İ. Melih Yurduseven

İLK TERAVİH İLK SAHUR.....

İ. Melih Yurduseven

Zaman ne çabuk ta geçiyor.

Dün gibi sanki.

On bir ayın sultanı Ramazan ayının mükafatı olan Bayramı kutladığımız günlerin üzerinden bir yıl geçmiş.

Bu akşam ilk teravih namazı kılınacak ve gece de ilk sahurumuza kalkacağız.

Bu günlere erişebilene ne mutlu.

Ramazan ayı bereket ayı,mağfiret ayı olması bakımında müslümanlar için çok önemli bir ibadet ayıdır şüphesiz.

En uzun ve en sıcak günleri yaşadığımız şu günlerde bu ibadetiini yerine getirebilmek ne kadar zor ve meşakkatli ise,mükafatıda o kadar çok ve bereketli olarak bilinir.

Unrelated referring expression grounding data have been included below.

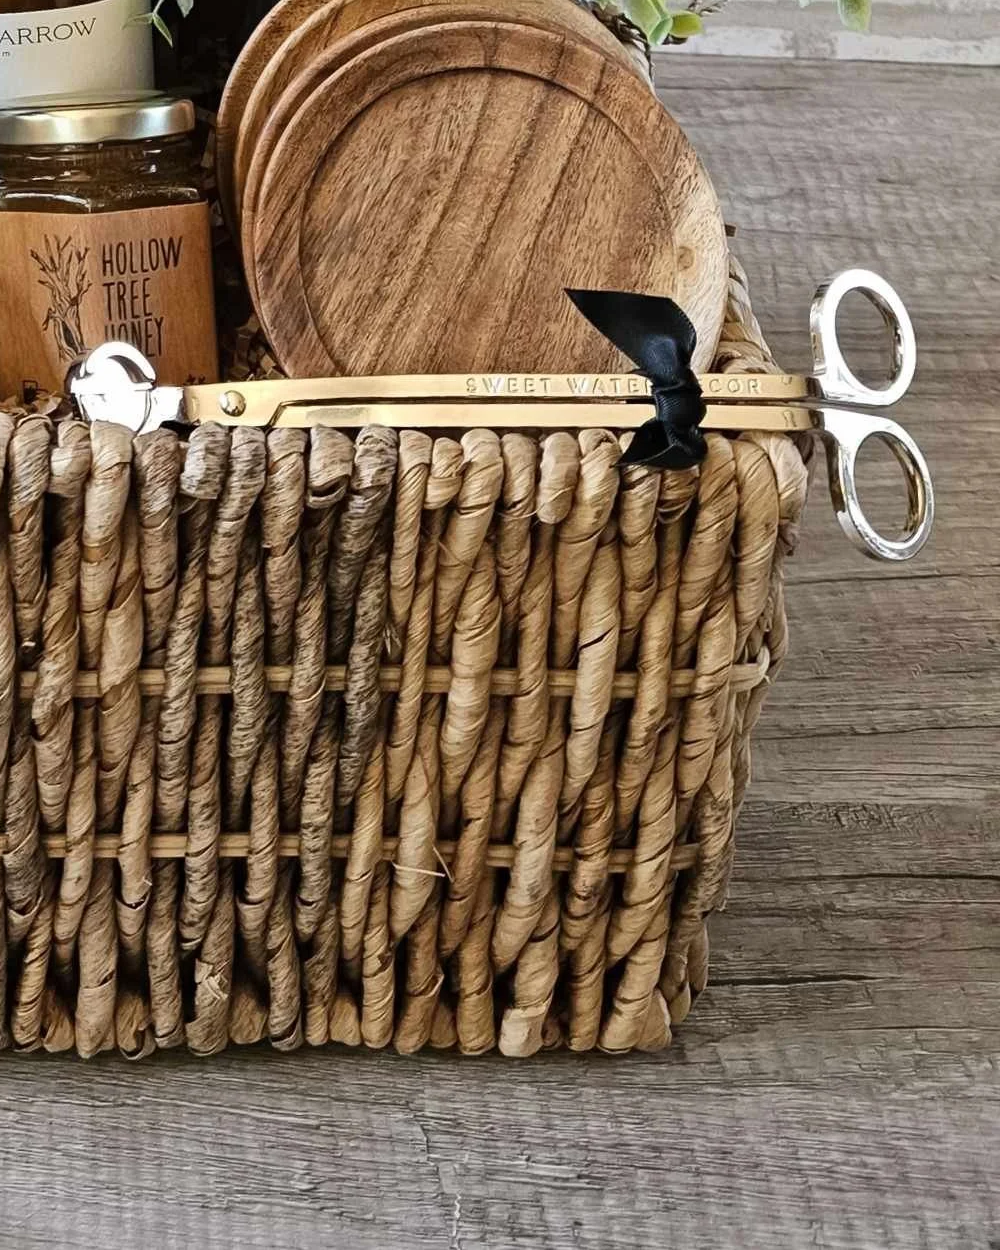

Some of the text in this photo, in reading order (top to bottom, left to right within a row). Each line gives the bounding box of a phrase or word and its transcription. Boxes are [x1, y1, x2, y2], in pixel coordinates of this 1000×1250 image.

[102, 236, 183, 277] HOLLOW
[102, 277, 153, 321] TREE
[465, 376, 551, 396] SWEET
[701, 377, 760, 395] COR
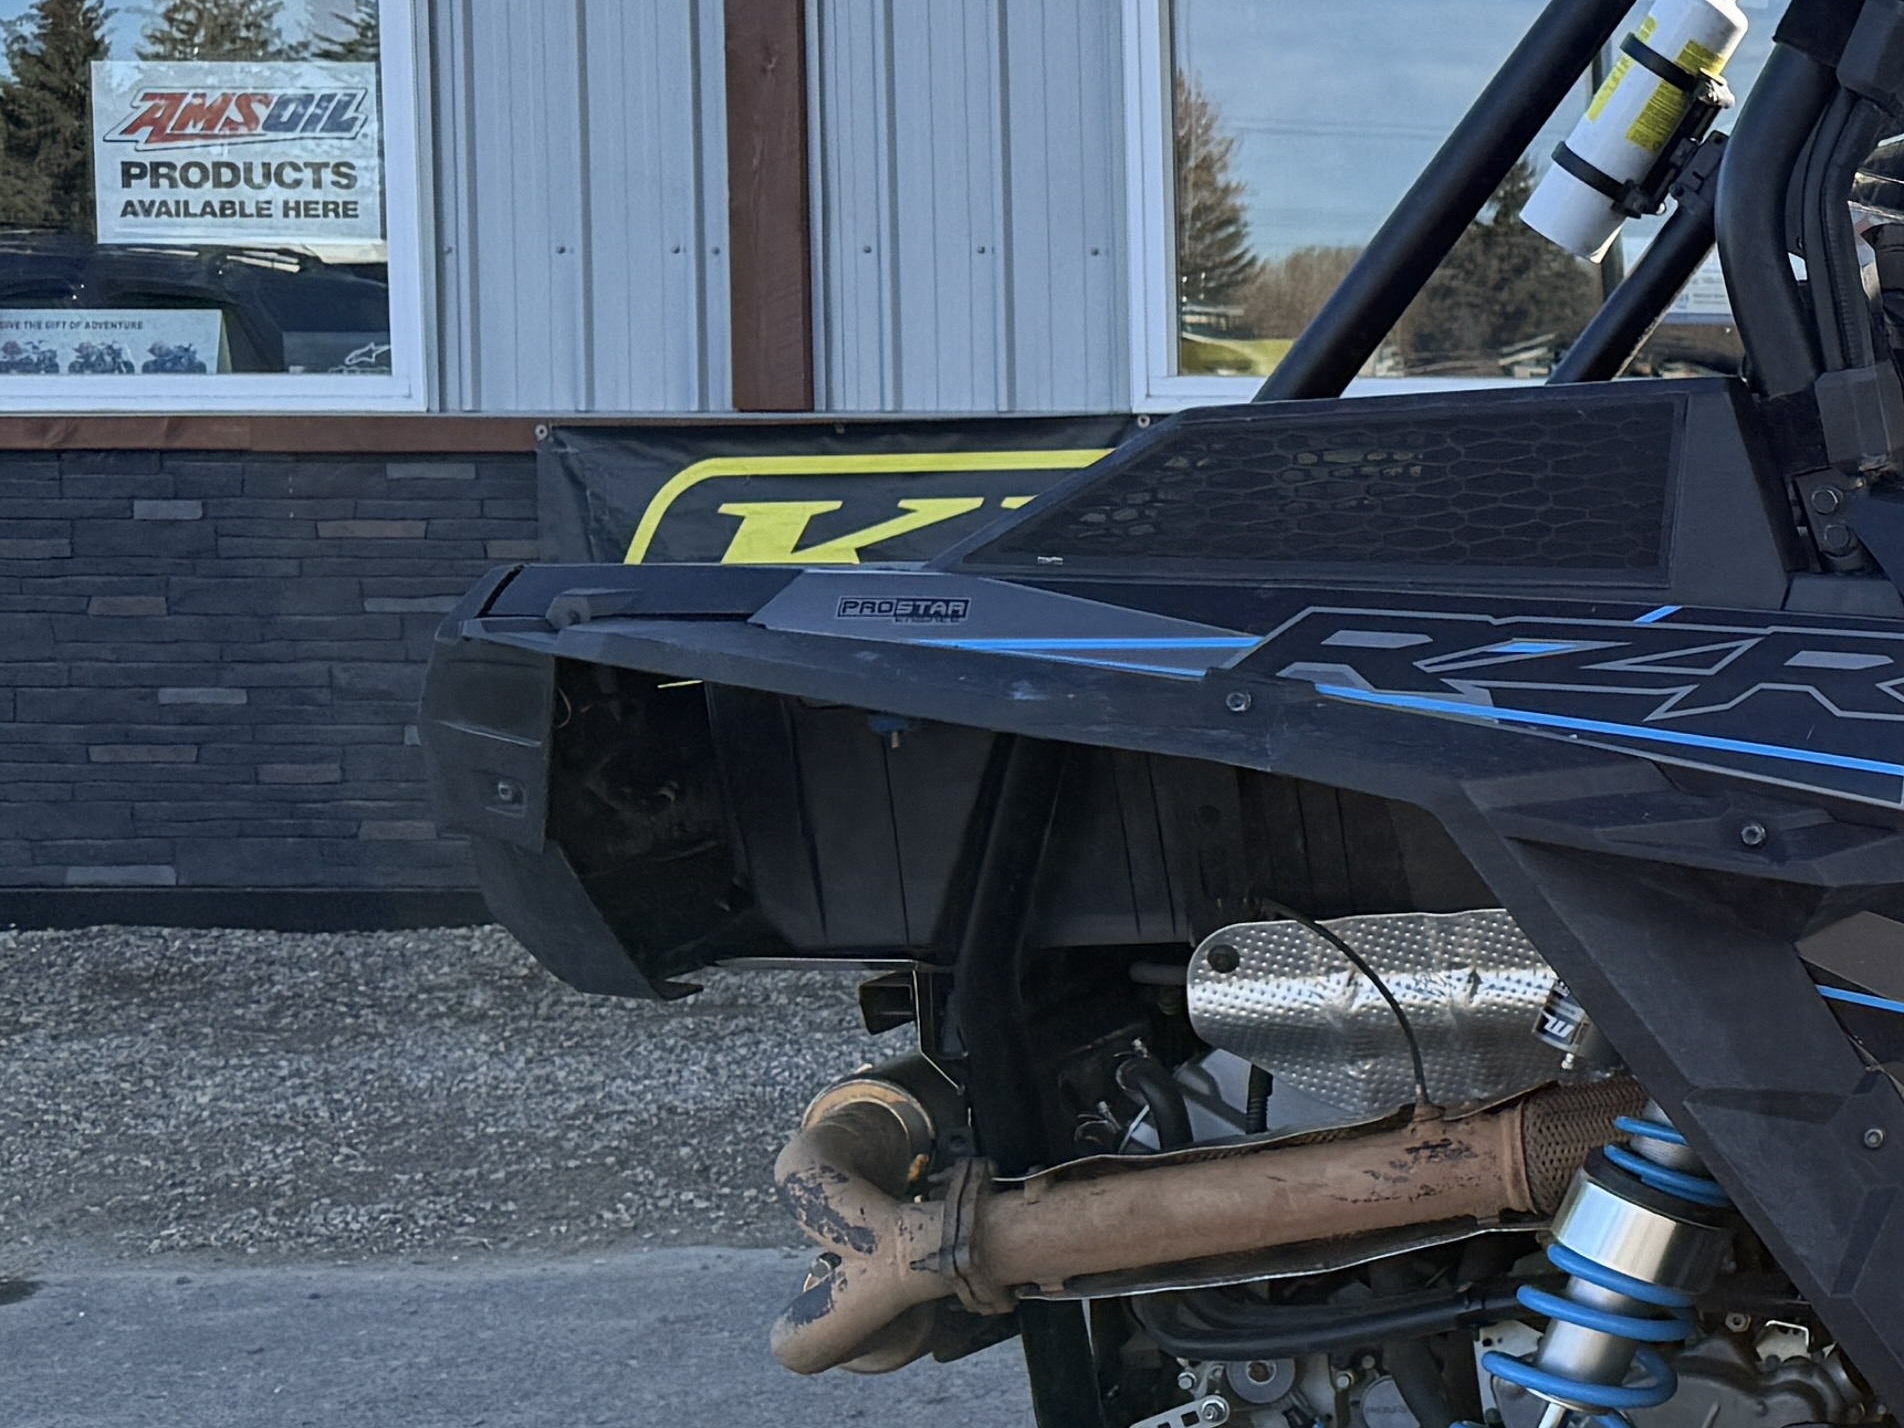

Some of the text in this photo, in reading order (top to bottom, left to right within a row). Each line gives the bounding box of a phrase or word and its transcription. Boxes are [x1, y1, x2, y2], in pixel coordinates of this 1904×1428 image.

[120, 90, 367, 143] AMSOIL
[120, 160, 357, 190] PRODUCTS
[120, 199, 359, 219] AVAILABLE HERE
[841, 600, 967, 615] PROSTAR

İlahiyatçı yazar Şaban Piriş bakın Ramazan ayı ile ilgili neler söylemiş;

Ramazan,insanlar için kılavuz olan Kuranın indirildiği ay. Kuran, alemlerin Rabbi, evrenin hakimi, din gününün sahibi Allahın kitabı. Müslüman, Allaha inanan ve Allahın kitabına göre hayatına yön veren insan. Yüce Rabbimiz Ramazan hakkında bakın ne buyuruyor?

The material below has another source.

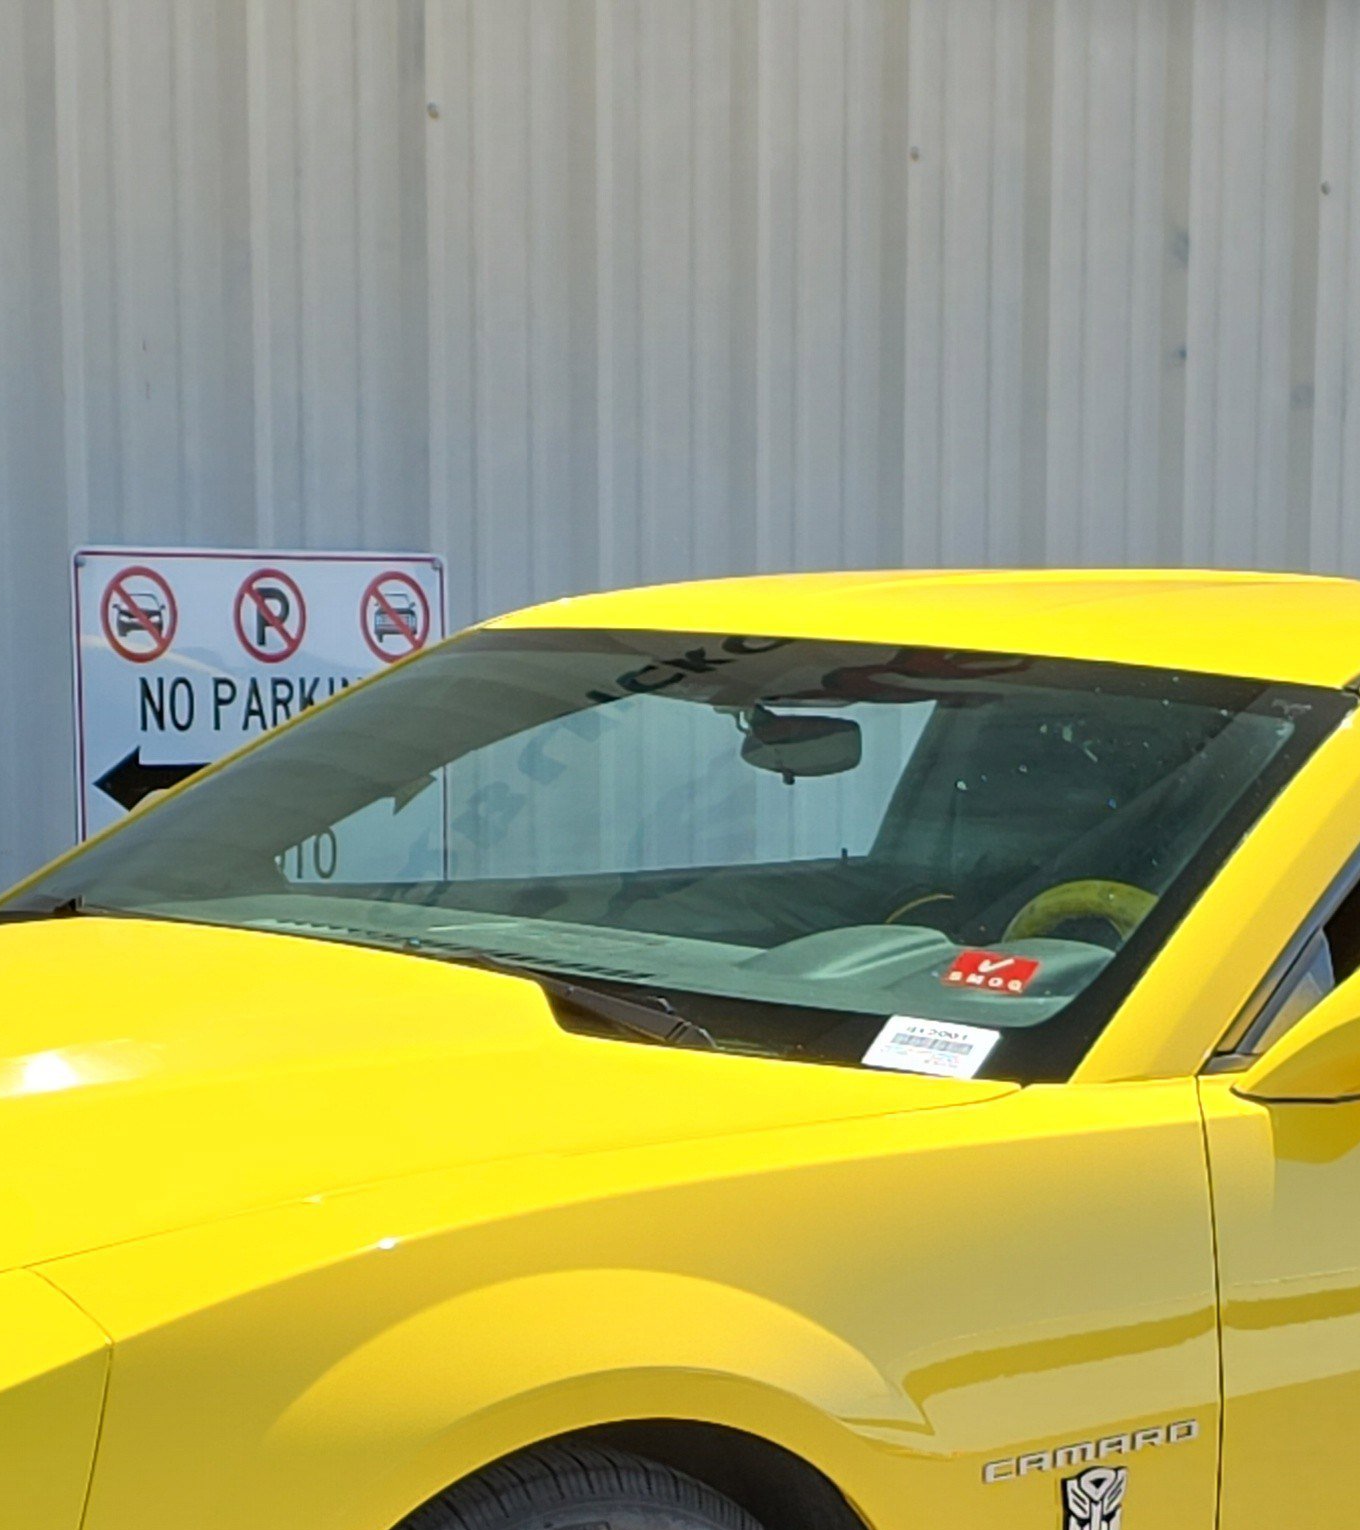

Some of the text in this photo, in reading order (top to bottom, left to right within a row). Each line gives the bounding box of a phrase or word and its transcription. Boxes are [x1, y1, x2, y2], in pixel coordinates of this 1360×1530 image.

[139, 677, 362, 732] NO PARK
[982, 1418, 1199, 1484] CAMARO

"Ramazan ayı, içinde insanlara doğru yolu gösteren, doğru ile yanlışı birbirinden ayırıp açıklayan, bir rehber olmak üzere Kuranın indirildiği aydır. Sizden kim o aya erişirse oruç tutsun. Hasta olan veya seferde bulunan, tutamadığı günler sayısınca başka günlerde tutsun. Allah, sizin için kolaylık ister, zorluk istemez. Sayıyı tamamlamanızı ve size doğru yolu gösterdiğinden dolayı Allahı tekbir etmenizi ister. Umulur ki şükredersiniz."

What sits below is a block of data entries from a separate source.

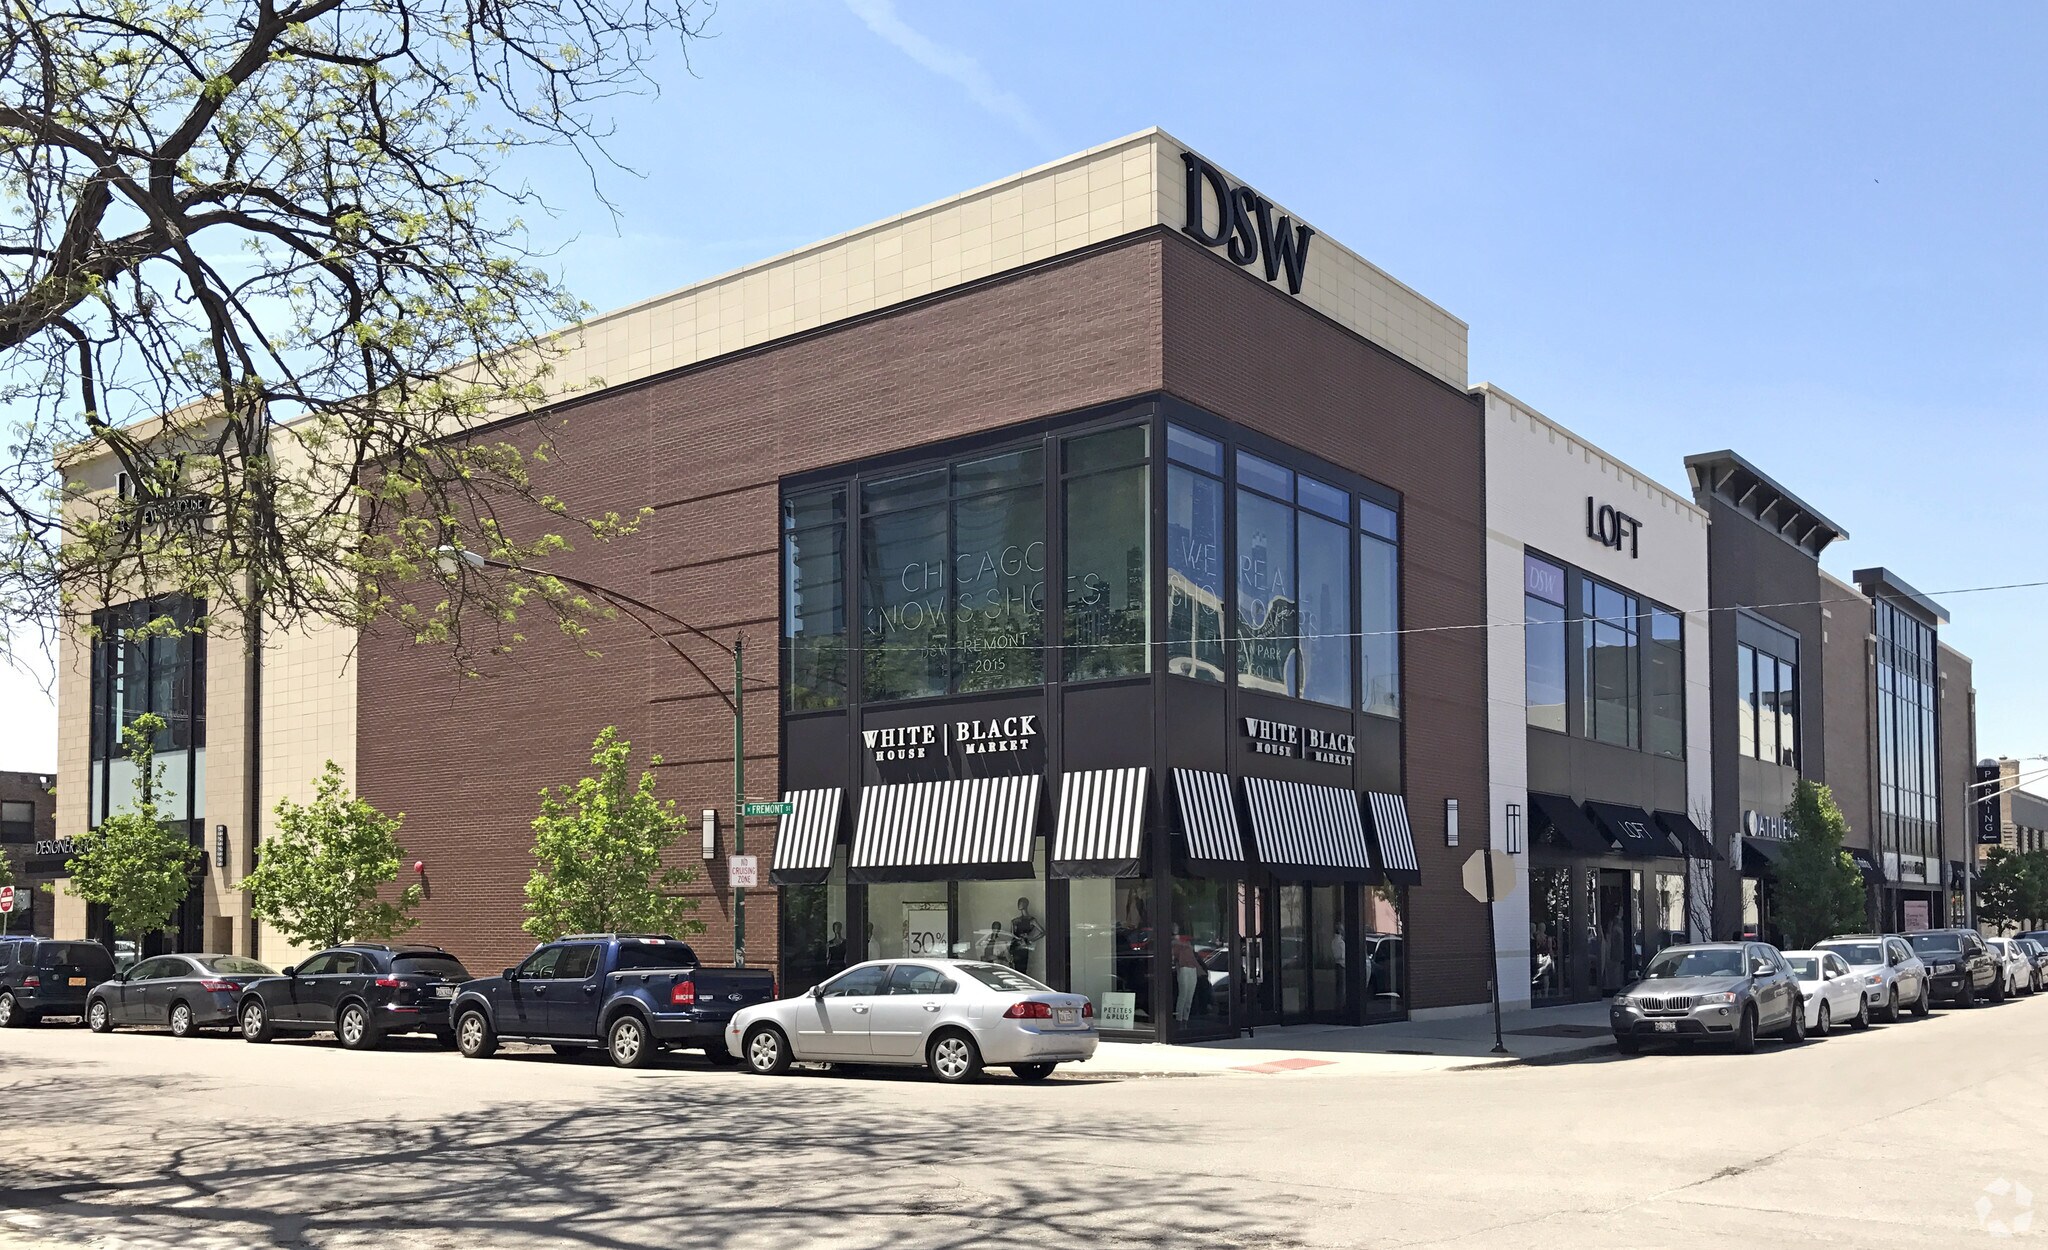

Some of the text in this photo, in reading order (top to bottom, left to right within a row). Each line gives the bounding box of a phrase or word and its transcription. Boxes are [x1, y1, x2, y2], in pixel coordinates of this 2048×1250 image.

[1180, 151, 1315, 295] DSW
[1586, 496, 1643, 559] LOFT
[901, 541, 1045, 592] CHCAGO
[1530, 567, 1557, 594] DSW
[1257, 644, 1282, 661] PARK
[862, 715, 1037, 749] WHITE BLACK
[1245, 717, 1356, 754] WHITE BLACK
[876, 739, 1029, 762] HOUSE MARKET
[1256, 742, 1352, 766] HOUSE MARKET
[752, 804, 783, 814] FREMONT
[1617, 820, 1653, 839] LOFT
[1758, 815, 1798, 839] ATHLE
[36, 839, 74, 854] DESIGNER
[732, 866, 756, 874] CRUISING
[741, 858, 748, 866] NO
[737, 875, 751, 883] ZONE
[911, 931, 947, 954] 30%
[1103, 1006, 1132, 1014] PETITES

Bir kez daha ayet-i kerimenin ilk cümlesine dikkatlerimizi yoğunlaştırırsak: "Ramazan ayı, içinde insanlara doğru yolu gösteren, doğru ile yanlışı birbirinden ayırıp açıklayan, bir rehber olmak üzere Kuranın indirildiği aydır." ifadesi Ramazan ayının öneminin nereden kaynaklandığını göstermektedir.

Bizim oruç tutmamız, adeta yüce Rabbimizin bize sunduğu Kuran nimetine bir teşekkür kabilindedir. Mademki yüce Allah bizi yaratıp, başıboş bırakmamış, bize gönderdiği elçisiyle indirdiği mesajlarıyla, hayatımızı nasıl düzenleyeceğimizin yol ve yöntemlerini bildirmiş, bizi dalaletten, sapmalardan ve şaşkınlıktan kurtarmış; öyleyse biz de bu nimetin farkında olduğumuz mesajını "oruçla" Rabbimize bildirmiş oluruz. Rabbimiz! Sen indirdiğin kitabında bize iki cihanımızı aydınlatacak nurlar bahşettin, biz de sana hamd ediyor, şükrediyor ve senin için gün boyu ağzımıza tek lokma bile koymadan, bir yudum su bile içmeden sana bağlılığımızı arz ediyoruz. Ramazan Ayı, kulun Rabbini tanıdığını ve ona itaatini arz ettiği zaman dilimidir. Kulun Rabbi ile her daim iletişimde olduğu süreçtir. Ramazan Ayı, kulun sadece yemeden içmeden kendisini uzak tuttuğu değil; her dönemde olduğu gibi her türlü tutum ve davranışını da kontrol altında bulundurduğu günler ve ibadetle geçirdiği gecelerdir.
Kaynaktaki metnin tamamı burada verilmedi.